Palin hits ECU
By Matthew Whittle
Published in News on October 8, 2008 1:46 PM
GREENVILLE -- Gov. Sarah Palin broke no new policy ground and unveiled no new attacks against Sen. Barack Obama Tuesday night in Greenville, but her supporters found plenty to cheer about nonetheless.
Alternating chants of her name, presidential nominee Sen. John McCain's name, "U.S.A." and the new Republican slogan, "drill, baby, drill," the crowd was at a near frenzy when the Alaskan governor and vice presidential nominee finally appeared on stage, at times even overpowering her during her speech.
It was a level of excitement that McCain supporter Carol Keister of Goldsboro admitted hadn't existed until Mrs. Palin was added to the ticket.
"She has a lot of common sense and a lot of the values a lot of people have," Ms. Keister said. "She's very down to earth."
"I just think she's the first candidate we've ever had who really understands what it means to be middle class," said Pam Hopkins of Greenville. "It also helps that she's a woman, but I wouldn't vote for her if I didn't think she shared the same values."
And it was a level of excitement that grew throughout the evening as a parade of state candidates, including Rep. Louis Pate running for state Senate District 12, Charlotte Mayor Pat McCrory running for governor, and U.S. Sen. Elizabeth Dole running for re-election, each took turns not only making their own cases, but laying out the McCain/Palin ticket as well.
"It takes a mayor to get things done," McCrory said.
And that's what Palin, the former mayor of Wasilla, Alaska, pledged she and McCain would do -- bring their maverick style and reform-oriented sense of government to Washington to get things done for average Americans.
"John McCain's the only man with a plan who will be able to help our work force, cut our taxes and get our economy back on the right track," she said.
His plans, she explained, include tax relief for the middle class and for business owners, ways to deal with soaring grocery and energy costs, ways to help keep people safe from foreclosures, ways to make college more affordable and ways to create more education reforms
She also pledged to immediately freeze government spending, except for vital programs, and to begin lowering the $10 trillion national debt, saying, "We've got to stop digging the hole."
Their Democrat opponent, she said, would dig that hole even deeper.
"He's built his career on doling out tax dollars," she said, noting his increased spending proposals. "He never bothers to tell you where the money will come from for all this government growth.
"You can do the math or you can listen to your gut, the conclusion's the same -- Barack Obama's going to raise your taxes."
Other issues mentioned included the need to protect entitlement spending like Social Security and Medicaid, as well as the need to make health care more affordable and accessible, primarily through a $5,000 tax credit to families purchasing their own insurance, rather than through an employer.
But the economy wasn't her only focus.
She also talked about energy security and the need to -- as her supporters put it -- "drill, baby, drill."
"We will," she said. "But it's got to be an all-of-the-above approach also. This land is so rich in conventional and alternative sources of energy."

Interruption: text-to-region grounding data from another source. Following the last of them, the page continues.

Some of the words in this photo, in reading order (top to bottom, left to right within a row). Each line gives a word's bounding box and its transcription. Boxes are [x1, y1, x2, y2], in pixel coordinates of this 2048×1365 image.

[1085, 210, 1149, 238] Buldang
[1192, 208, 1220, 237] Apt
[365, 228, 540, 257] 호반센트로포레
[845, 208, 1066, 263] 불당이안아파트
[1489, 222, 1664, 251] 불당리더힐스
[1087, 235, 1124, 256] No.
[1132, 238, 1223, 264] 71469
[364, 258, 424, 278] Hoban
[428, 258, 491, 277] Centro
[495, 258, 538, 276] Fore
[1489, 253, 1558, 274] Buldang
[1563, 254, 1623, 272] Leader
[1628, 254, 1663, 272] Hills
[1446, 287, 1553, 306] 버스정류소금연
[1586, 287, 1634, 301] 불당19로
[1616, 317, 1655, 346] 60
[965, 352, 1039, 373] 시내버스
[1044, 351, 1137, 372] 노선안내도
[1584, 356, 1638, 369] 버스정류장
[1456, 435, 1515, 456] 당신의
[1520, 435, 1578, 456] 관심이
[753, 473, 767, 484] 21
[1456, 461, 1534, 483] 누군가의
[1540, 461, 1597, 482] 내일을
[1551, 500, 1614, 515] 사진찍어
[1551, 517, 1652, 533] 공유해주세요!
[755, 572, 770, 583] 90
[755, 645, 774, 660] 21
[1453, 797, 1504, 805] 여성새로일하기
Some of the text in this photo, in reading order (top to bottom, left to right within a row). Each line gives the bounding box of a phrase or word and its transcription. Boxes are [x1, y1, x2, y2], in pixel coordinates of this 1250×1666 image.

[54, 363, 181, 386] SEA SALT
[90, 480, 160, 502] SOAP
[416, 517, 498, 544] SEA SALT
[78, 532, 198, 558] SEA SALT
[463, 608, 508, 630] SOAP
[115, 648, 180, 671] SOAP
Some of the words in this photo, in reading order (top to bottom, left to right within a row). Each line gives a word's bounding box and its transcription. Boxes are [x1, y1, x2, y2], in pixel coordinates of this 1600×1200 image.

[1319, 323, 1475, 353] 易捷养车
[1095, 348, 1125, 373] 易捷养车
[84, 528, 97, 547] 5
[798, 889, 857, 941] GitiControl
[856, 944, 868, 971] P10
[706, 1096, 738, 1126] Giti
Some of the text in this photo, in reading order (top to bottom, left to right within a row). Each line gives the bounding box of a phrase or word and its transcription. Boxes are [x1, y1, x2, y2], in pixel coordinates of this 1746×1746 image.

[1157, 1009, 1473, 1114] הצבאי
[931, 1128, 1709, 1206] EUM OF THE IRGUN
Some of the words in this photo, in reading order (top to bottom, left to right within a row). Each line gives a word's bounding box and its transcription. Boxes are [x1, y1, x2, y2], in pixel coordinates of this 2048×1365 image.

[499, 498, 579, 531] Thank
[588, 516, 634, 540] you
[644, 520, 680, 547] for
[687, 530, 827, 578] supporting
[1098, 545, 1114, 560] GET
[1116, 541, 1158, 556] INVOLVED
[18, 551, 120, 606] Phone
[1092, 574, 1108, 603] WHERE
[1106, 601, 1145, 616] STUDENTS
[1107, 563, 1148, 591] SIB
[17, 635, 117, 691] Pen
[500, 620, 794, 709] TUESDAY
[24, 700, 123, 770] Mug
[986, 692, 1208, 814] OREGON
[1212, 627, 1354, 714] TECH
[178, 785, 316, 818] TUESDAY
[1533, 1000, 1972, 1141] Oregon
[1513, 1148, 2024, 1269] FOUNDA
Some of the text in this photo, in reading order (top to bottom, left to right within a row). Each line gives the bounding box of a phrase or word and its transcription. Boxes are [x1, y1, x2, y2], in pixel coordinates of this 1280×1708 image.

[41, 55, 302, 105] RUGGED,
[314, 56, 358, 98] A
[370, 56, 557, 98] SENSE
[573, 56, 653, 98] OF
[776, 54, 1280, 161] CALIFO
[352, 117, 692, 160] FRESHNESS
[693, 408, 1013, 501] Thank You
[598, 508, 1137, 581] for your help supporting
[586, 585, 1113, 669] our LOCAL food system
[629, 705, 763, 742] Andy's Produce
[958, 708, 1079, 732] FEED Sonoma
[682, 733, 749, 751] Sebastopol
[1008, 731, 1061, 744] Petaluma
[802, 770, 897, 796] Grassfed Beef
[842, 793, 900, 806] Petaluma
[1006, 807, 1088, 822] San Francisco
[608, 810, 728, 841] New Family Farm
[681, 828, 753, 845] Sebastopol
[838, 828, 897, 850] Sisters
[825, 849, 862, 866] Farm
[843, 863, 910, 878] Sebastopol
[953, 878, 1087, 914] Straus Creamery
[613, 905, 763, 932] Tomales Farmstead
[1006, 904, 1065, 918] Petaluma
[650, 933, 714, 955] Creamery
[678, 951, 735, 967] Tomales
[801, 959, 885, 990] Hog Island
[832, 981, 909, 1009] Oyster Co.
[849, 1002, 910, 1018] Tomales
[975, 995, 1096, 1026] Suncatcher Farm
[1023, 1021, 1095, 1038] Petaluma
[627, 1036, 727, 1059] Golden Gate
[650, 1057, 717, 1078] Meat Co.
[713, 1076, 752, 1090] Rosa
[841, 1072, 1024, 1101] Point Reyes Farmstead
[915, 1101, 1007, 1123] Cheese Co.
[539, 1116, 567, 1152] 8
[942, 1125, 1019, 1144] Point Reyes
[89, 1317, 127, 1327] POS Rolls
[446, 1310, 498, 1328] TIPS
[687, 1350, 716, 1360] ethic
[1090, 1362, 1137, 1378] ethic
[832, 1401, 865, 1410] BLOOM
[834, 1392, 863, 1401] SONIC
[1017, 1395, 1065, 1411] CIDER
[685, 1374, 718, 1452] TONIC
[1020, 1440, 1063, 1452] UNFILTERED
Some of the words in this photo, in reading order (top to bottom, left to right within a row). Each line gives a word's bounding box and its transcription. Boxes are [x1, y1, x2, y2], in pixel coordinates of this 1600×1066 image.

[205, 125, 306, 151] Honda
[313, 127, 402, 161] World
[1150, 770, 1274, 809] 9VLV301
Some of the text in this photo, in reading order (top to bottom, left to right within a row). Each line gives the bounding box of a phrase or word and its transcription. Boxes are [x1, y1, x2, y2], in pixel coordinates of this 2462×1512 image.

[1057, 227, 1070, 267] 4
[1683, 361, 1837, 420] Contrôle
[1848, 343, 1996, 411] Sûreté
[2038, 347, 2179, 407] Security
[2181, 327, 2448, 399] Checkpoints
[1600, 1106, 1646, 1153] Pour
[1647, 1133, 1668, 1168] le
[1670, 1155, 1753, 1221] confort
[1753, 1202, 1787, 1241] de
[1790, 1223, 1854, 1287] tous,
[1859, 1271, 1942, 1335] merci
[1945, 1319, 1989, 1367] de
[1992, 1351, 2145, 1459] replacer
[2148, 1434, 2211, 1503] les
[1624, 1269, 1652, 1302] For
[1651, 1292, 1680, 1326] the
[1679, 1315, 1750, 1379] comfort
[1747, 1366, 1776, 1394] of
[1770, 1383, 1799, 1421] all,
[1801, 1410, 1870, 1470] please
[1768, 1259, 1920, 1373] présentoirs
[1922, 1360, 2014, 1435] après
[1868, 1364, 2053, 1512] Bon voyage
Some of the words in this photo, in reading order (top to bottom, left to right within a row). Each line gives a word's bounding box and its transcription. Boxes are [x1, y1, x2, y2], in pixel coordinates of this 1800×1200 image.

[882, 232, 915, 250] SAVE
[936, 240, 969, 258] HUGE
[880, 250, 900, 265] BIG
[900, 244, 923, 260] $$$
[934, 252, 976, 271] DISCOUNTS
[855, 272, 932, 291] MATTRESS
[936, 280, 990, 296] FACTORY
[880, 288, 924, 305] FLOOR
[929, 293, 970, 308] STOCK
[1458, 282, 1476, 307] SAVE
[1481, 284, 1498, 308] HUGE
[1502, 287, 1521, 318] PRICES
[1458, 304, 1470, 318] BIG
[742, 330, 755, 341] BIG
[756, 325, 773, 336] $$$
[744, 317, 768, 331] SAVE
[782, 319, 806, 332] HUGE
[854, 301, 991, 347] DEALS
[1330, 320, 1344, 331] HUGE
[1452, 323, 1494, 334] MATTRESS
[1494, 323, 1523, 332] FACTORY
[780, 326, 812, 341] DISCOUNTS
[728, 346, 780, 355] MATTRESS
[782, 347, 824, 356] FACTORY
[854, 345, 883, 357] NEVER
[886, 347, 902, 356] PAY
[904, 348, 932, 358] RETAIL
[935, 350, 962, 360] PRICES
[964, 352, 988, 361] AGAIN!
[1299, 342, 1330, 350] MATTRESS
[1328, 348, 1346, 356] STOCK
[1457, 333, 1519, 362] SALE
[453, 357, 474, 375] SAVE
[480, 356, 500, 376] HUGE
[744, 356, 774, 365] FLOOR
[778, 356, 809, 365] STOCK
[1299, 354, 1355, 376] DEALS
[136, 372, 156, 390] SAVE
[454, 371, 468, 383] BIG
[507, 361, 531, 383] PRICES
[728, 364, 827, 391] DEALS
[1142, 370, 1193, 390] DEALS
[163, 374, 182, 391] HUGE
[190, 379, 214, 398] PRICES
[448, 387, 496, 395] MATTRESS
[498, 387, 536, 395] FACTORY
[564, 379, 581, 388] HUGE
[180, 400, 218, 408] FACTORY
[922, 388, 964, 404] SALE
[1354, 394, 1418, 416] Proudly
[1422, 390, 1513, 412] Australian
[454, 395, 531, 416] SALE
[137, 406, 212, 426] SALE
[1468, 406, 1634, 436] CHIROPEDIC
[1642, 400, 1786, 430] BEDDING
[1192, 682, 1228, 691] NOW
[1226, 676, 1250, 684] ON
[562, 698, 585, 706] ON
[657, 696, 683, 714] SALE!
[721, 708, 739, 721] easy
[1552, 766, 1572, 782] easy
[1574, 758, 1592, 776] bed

And finally, there were the wars in Iraq and Afghanistan.
"Unlike our opponent, (John's) not afraid to use the word victory," Mrs. Palin said, reiterating McCain's support for the surge in Iraq, versus Obama's opposition. "As the mother of one of those troops, he is exactly the kind of man I want as commander-in-chief."
Most importantly, however, she said, McCain has a history and record of bipartisanship and reform -- unlike Obama, whom she accused of associating with known domestic terrorists like Bill Ayers.
"There are some candidates who use change to promote their careers, and then there are those like John McCain. This is a man whose principles and political interests mean so much more than just a party line," she said. "He doesn't run with the Washington herd. We're putting the government back on the side of the people."
And that, she added to great cheering, is something that the people of eastern North Carolina "get."
"It's the difference between a politician who has faith in government, and a leader who has faith in you. ... It's the difference between a guy who makes big promises, and a guy who gets things done," she said. "Truly John McCain is the only man in this race who has ever really fought for you."
But with the race in North Carolina likely to "come down to the wire," Mrs. Palin acknowledged that they're going to need a little help.
Fortunately, she added, Greenville and the nearly 8,000 people packing Williams Arena "know a little something about how to turn an underdog into a victor," alluding to East Carolina University's football team's two upset wins this season.
And ultimately, said ECU student Brett Matheson of Cary, that's the point -- to elect John McCain president.
"She's definitely energized the base here," he said, emphasizing, though, that it is still McCain at the top of the ticket. "McCain is the guy we really need to lead this country. He's a real American hero."